# Surefire M-4 remote switch?



## juancho (Jan 7, 2006)

Do the Surefire M-4 had an acessory tailcap with a remote pressure pad switch?
I looked into the web-site and can't find anything!

Part number and where I can get one will be appreciated.
thanks


----------



## CLHC (Jan 7, 2006)

I think it's called the XM Tailcap Switch Assembly or the UM Tailcap Switch Assembly. They come with the standard tape switch cable length of 7" as for example XM07 or UM07. They have non-standard cable lengths available.

The XMxx comes with a pushbutton and pressure-activated tape switch. While the UMxx has just the momentary-on tape switch.

Hope this helps and Enjoy!


----------



## Size15's (Jan 7, 2006)

*Re: Surefire M4 remote switch?*

There are hundreds of tape switch options from the M4. The M4 uses a standard LockOut TailCap so any standard tape switch TailCap can be used.

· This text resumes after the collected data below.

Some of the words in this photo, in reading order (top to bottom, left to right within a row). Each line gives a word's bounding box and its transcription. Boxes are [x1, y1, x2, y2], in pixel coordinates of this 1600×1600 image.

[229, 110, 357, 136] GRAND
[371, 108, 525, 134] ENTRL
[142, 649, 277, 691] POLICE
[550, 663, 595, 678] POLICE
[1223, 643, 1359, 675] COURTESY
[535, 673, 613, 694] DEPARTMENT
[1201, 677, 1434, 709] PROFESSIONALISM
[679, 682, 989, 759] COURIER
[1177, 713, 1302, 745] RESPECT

The top of the line is the XMxx (xx is the cable length in whole inches).
This is one of Shelby Chan's photos showing the XM:






The cable can be unplugged:





And the push button pressure click switch can be used on it's own:
For example:





SureFire's "Classic" tape switch TailCap can also be used:




It's a bit more complicated to purchase because they aren't sold as just the TailCap and tape switch cable assembly combination. A SureFire Dealer such as Calvin at BrightFlashlights or Grant at G&R Tactical will be able to fix you up no worries because they deal with this sort of request all the time.

Which one you get depends on what you need it for. SureFire's tape switches are expensive because they are the best quality and proven over many, many years. They are also expensive because they offer a huge range of cable lengths and other options to suit the requirements for each application - all hand assemblied at SureFire in the USA.

Al


----------



## SF Junkie (Jan 7, 2006)

CHC, Yes There is the XM and UM tape switch but where you buy it?


----------



## rkonieska (Jan 13, 2006)

Any surefire dealer should be able to order it. 

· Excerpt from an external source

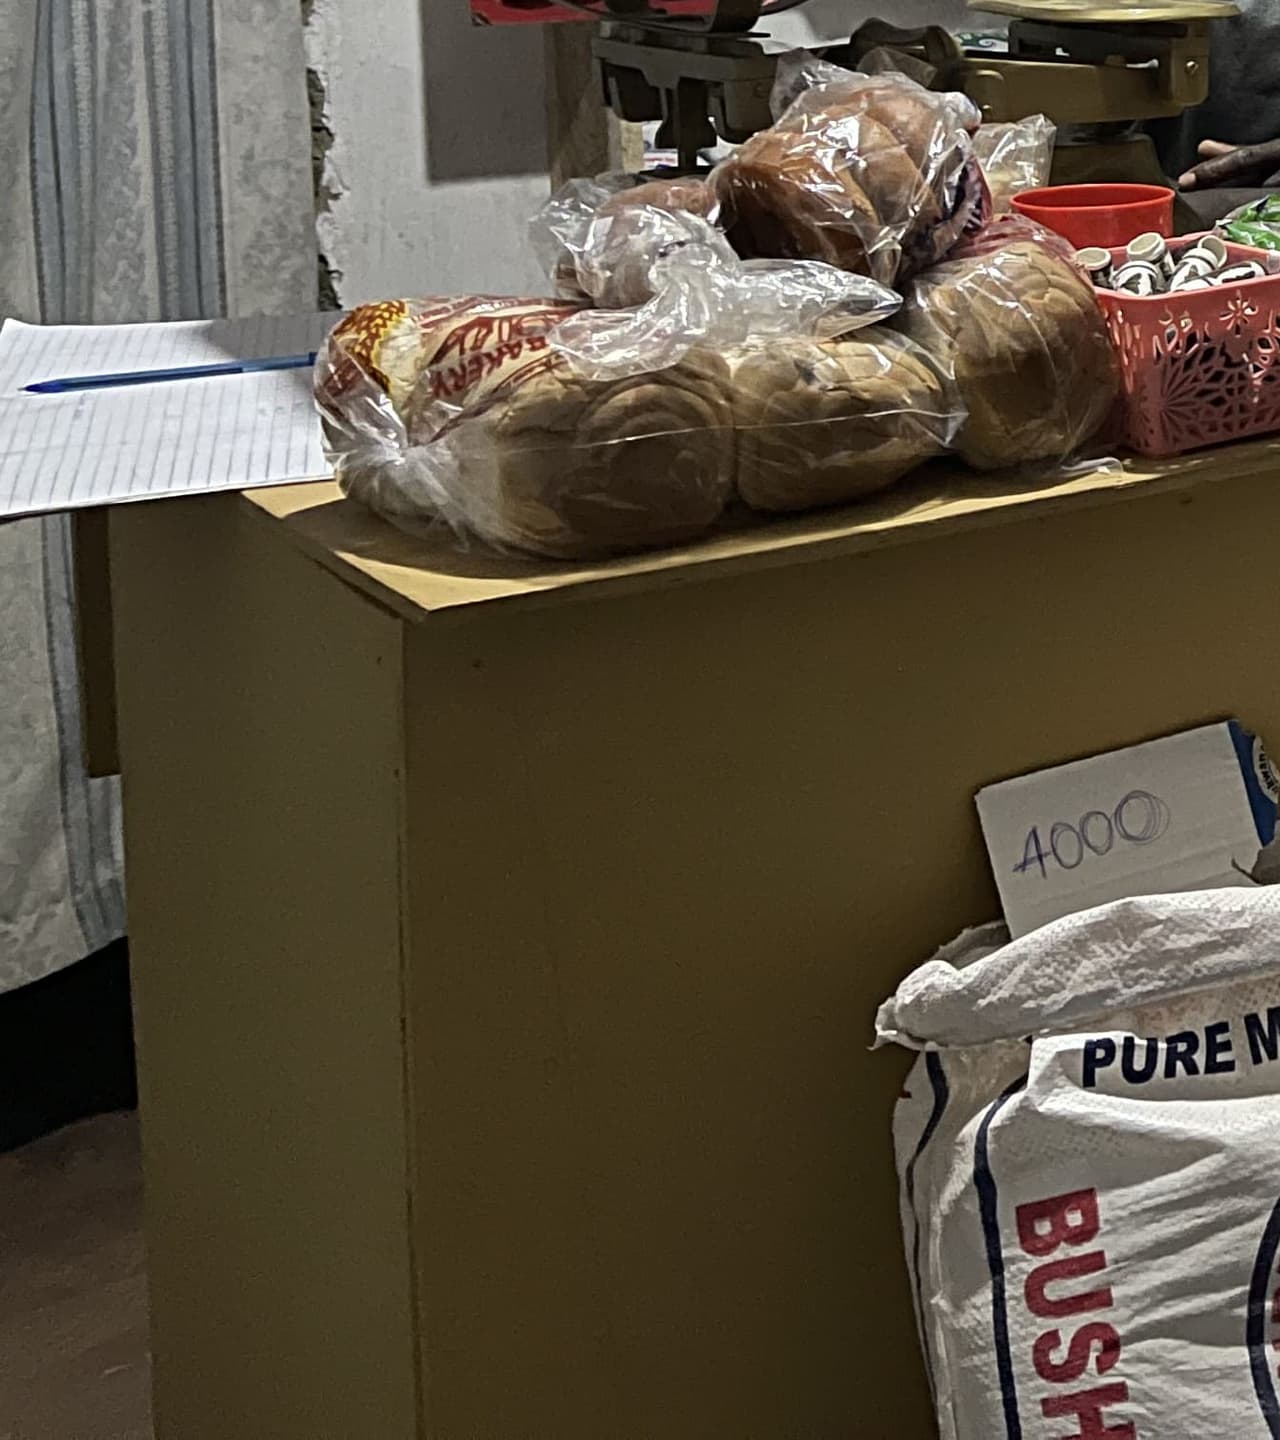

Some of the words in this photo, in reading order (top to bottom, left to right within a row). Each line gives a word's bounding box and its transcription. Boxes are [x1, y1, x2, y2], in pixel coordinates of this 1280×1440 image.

[430, 336, 549, 398] BAKERY
[1012, 788, 1170, 880] 4000
[1083, 1020, 1236, 1089] PURE

http://img373.imageshack.us/my.php?image=dscf0054medium1ur.jpg

Boss sure liked the mods to my squad rifle.


----------



## Unicorn (Jan 13, 2006)

The SureFire switches are nice, but way expensive. MSRP of about a hundred dollars Unless it's a life and death use where a malfunction could actually cause someone to get killed, I'd just get a $20 Pelican tape switch. Actually I did just buy a $20 Pelican switch about 6 hours ago. It's not really a complicated part to produce.


----------



## rkonieska (Jan 13, 2006)

Will it fit on the M4?


----------



## juancho (Jan 14, 2006)

*rkioneska,*

The Pelican will fit all C series and the P's Surefires, so will the Tac Star, I haven't tried the Pelican but the clone Tac Star that I had tried have a lot of resistance, it makes the P-60 dimmer.

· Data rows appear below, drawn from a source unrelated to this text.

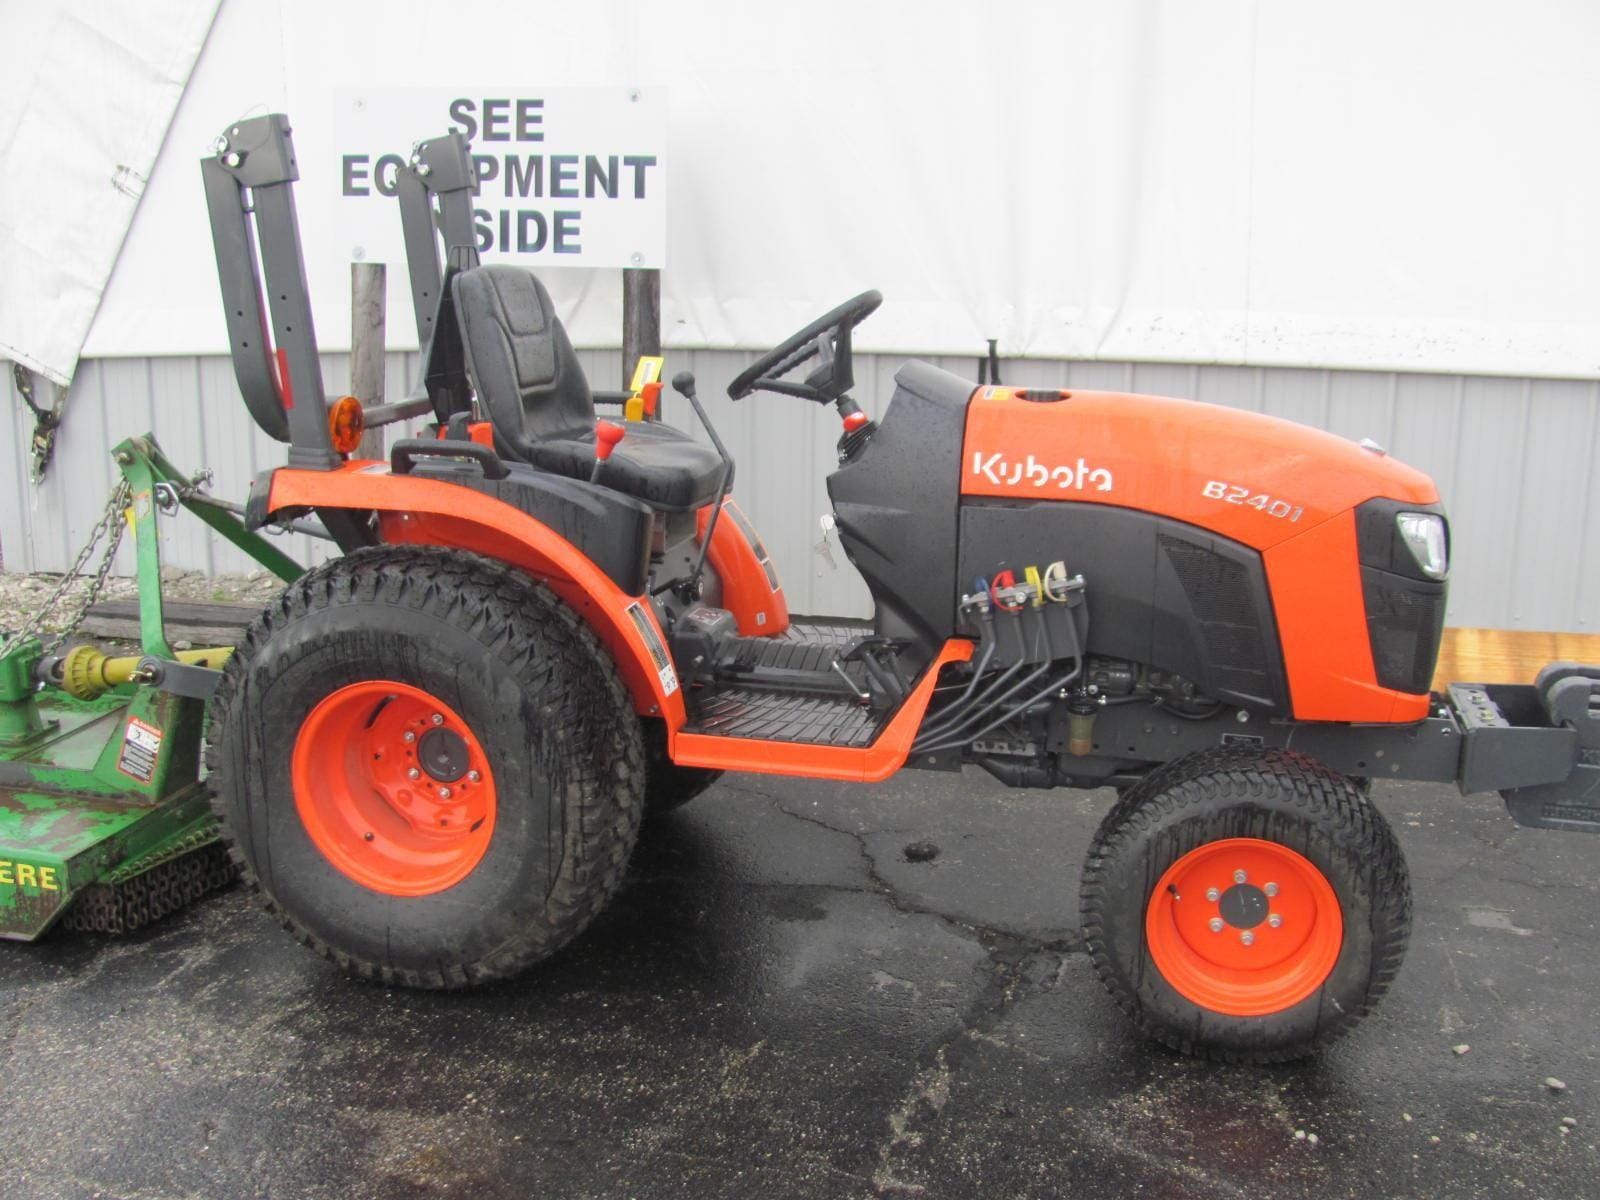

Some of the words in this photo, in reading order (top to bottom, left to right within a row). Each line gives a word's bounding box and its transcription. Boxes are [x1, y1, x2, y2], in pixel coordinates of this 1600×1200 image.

[449, 98, 544, 142] SEE
[342, 153, 657, 199] EQPMENT
[433, 209, 582, 253] SIDE
[973, 452, 1112, 491] Kubota
[1202, 480, 1304, 522] B2401

I bought for the M-4, the G&P from Lighthound, and works very well.






They come only in black, so colors don't match but the switch pressure pad is really nice to the touch (I had one really hard Tac Star before.)






In my particular situation for the use that I put the M-4 to, doens't paid for me to expend a century note on a real Surefire switch.
I am well impresed with the G&P and with the service John of Lighthound provides.
regards
Juan C.


----------



## Chrontius (May 30, 2010)

*Re: Surefire M4 remote switch?*



Size15's said:


> (...)
> 
> And the push button pressure click switch can be used on it's own:
> For example:
> ...



Please pardon the necromancy, but what the ****ens is that light? I recognize the XM tailcap and M3 bezel, but it looks like a weaponlight (actually, I think a U2 head thread, judging by some of the legos I've seen) compatible C or Z combat-grip body. Is this a one-off, or what?


----------



## Size15's (May 30, 2010)

I believe we settled on the name MZ90 for the prototype housing body with CombatGrip that replaces the MH90. The Lamp Module is a LU10 with a Lamp Module Housing Body that is either a really early version or a prototype


----------